> _PROBLEM DESCRIPTION_
Copy out the entire listing word for word.

> _SOURCE INFORMATION_
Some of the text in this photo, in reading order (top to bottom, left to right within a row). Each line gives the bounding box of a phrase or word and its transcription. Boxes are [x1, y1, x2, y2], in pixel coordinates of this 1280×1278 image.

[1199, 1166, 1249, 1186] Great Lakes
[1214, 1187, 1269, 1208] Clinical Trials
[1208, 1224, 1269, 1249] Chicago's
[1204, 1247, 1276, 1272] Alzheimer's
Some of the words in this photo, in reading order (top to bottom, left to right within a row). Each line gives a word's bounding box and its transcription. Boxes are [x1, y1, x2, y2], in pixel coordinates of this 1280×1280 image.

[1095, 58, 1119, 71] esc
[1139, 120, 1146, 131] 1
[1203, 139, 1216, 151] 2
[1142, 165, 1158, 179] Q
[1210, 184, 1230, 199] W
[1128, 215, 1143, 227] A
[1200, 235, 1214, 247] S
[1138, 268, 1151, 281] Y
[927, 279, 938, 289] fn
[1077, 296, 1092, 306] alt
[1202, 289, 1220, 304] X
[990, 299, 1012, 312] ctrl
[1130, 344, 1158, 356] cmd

> _RESPONSE_
Some of the text in this photo, in reading order (top to bottom, left to right within a row). Each line gives the bounding box of a phrase or word and its transcription. Boxes are [x1, y1, x2, y2], in pixel coordinates of this 1280×1278 image.

[1199, 1166, 1249, 1186] Great Lakes
[1214, 1187, 1269, 1208] Clinical Trials
[1208, 1224, 1269, 1249] Chicago's
[1204, 1247, 1276, 1272] Alzheimer's
Some of the words in this photo, in reading order (top to bottom, left to right within a row). Each line gives a word's bounding box and its transcription. Boxes are [x1, y1, x2, y2], in pixel coordinates of this 1280×1280 image.

[1095, 58, 1119, 71] esc
[1139, 120, 1146, 131] 1
[1203, 139, 1216, 151] 2
[1142, 165, 1158, 179] Q
[1210, 184, 1230, 199] W
[1128, 215, 1143, 227] A
[1200, 235, 1214, 247] S
[1138, 268, 1151, 281] Y
[927, 279, 938, 289] fn
[1077, 296, 1092, 306] alt
[1202, 289, 1220, 304] X
[990, 299, 1012, 312] ctrl
[1130, 344, 1158, 356] cmd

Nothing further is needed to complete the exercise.